Per la composizione della sua fitta corrispondenza (Arch. segreto Vaticano, Arm. XLV, vol. 36), edita da E. Carusi, sembra che il G. si sia ispirato ai modelli epistolari offerti dai Commentarii di Pio II. Quest'ultimo rappresenta la fonte da cui il G. attinse per le vicende degli anni anteriori a quelli da lui considerati.
Seppur invitato a Roma da Pio III e Giulio II, nella parte finale della sua vita il G. preferì trattenersi a Volterra, dove continuò la sua corrispondenza. In una lettera indirizzata a Marsilio Ficino, probabilmente del settembre 1496, il G. lo informa di avere ricevuto il suo scritto De Sole et lumine; non è noto se compito del G. fosse quello di rivederne il testo, ma la cosa appare verosimile. In questi anni il G. tornava solo occasionalmente a Roma, dove sembra che ancora godesse di ottima fama. In una missiva del 1510 indirizzata a F. Soderini, racconta di una cena cui partecipò, ospite del cardinale Alessandro Farnese, poi Paolo III, nella sua villa lungo la via Aurelia. Solo nel 1512 arrivò per il G. la desiderata dignità episcopale, quando Giulio II lo nominò vescovo di Segni. L'anno seguente Leone X lo trasferì alla ben più importante sede vescovile di Aquino, ricoprendolo di altri speciali favori. Come vescovo d'Aquino il G. partecipò all'ottava e nona sessione del concilio Lateranense, tenute rispettivamente il 17 dic. 1513 e il 5 maggio 1514.
Nel settembre del 1516 il G. terminava a Roma la sua lunga vita. I funerali ebbero luogo nella cattedrale di Volterra e furono organizzati dai nipoti Michele e Niccolò.
Edizioni: Il Diario romano di J. Gherardi da Volterra dal VII settembre MCCCCLXXIX al XII agosto MCCCCLXXXIV, a cura di E. Carusi, in Rer. Ital. Script., 2a ed., XXIII, 1904; Dispacci e lettere di G. Gherardi nunzio pontificio a Firenze e Milano…, a cura di E. Carusi, Roma 1909.
Fonti e Bibl.: Volterra, Bibl.
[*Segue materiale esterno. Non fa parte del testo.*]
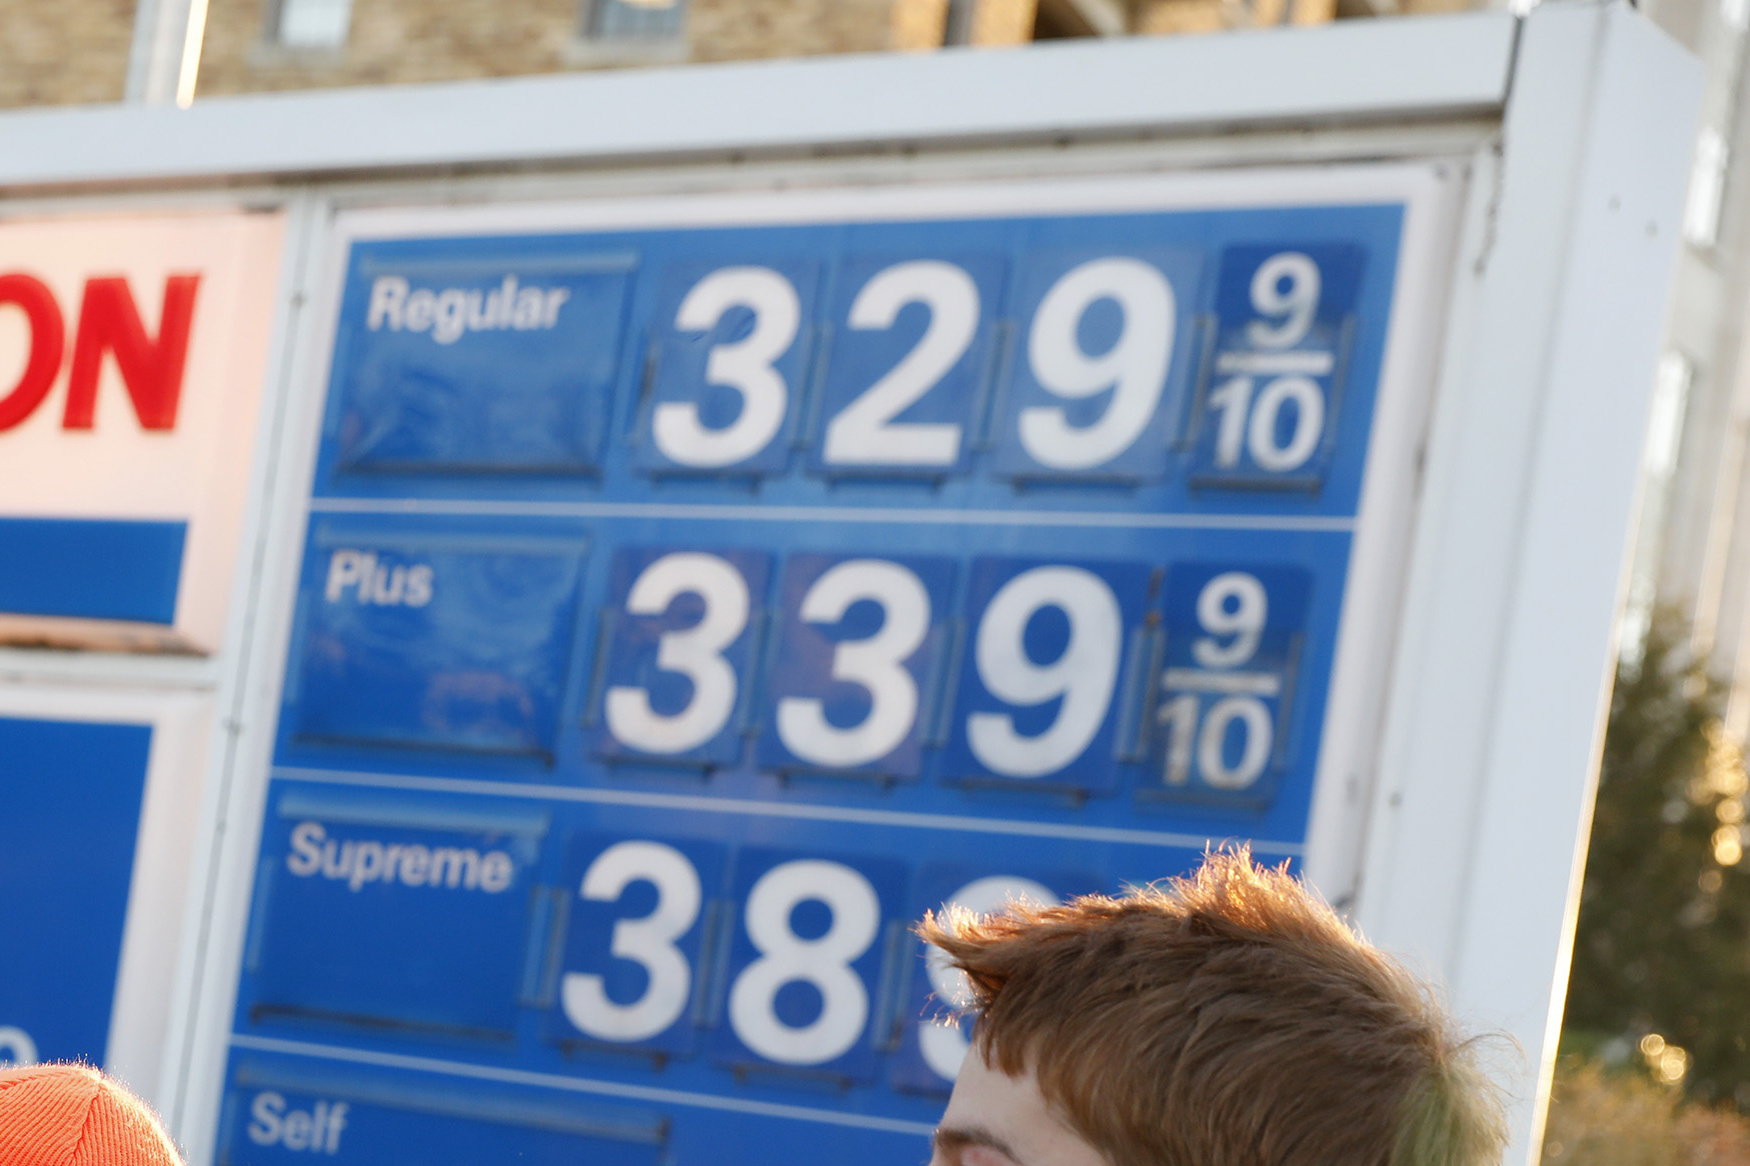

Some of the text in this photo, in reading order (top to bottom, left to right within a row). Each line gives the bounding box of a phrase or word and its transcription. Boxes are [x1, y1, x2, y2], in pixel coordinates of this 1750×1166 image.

Guarnacci, ms. 106 (Fragmenta epistolarum ab Jacopo Gherardio Volaterrano tam suo quam aliorum nomine conscriptarum quibus accedunt nonnula carmina…); Archivio Maffei, Genealogie di famiglie volterrane, s.d., p. 112; Bibl. apost. Vaticana, Vat. lat. 3912; B. Falconcini, Elogio di mons. J. G. detto il Volterrano, in Raccolta d'elogi di uomini illustri toscani, II, Lucca 1770, pp. 83-95; G.B. Picotti, L'infanzia di Leone X, Milano 1927, ad indicem; C. De Frede, G., J., in Enc. cattolica, VII, Città del Vaticano 1951, col. 296; L. Pescetti, Le prime nozze di Lucrezia Borgia in una lettera inedita di J. G. a Mario Maffei, in Rassegna volterrana, XXI-XXIII (1955), pp. 1-6; P. Paschini, Tre illustri prelati del Rinascimento…, Roma 1957, pp. 47-52; R. Galli, J. G. umanista (quasi) sconosciuto, in Volterra, II (1963), 3, pp. 3 s.; Id., J. G. detto J. Volterrano, ibid., VII (1968), 6, pp. 6-8; T. Siciliano, J. G. da Volterra. Messo papale a Napoli e vescovo di Aquino, ibid., VII (1968), 10, pp. 10 s.; F.R. Hausmann, Armarius 39, tomus 10 des Archivio segreto Vaticano, in Quellen und Forschungen aus italienischen Archiven und Bibliotheken, L (1971), p. 138; C. Falconi, Leone X. Giovanni de' Medici, Milano 1987, pp. 108 s., 124 s.; A. Marrucci, G., J., in I personaggi e gli scritti. Diz. biogr. e bibliografico di Volterra, Volterra 1997, pp. 1013 s.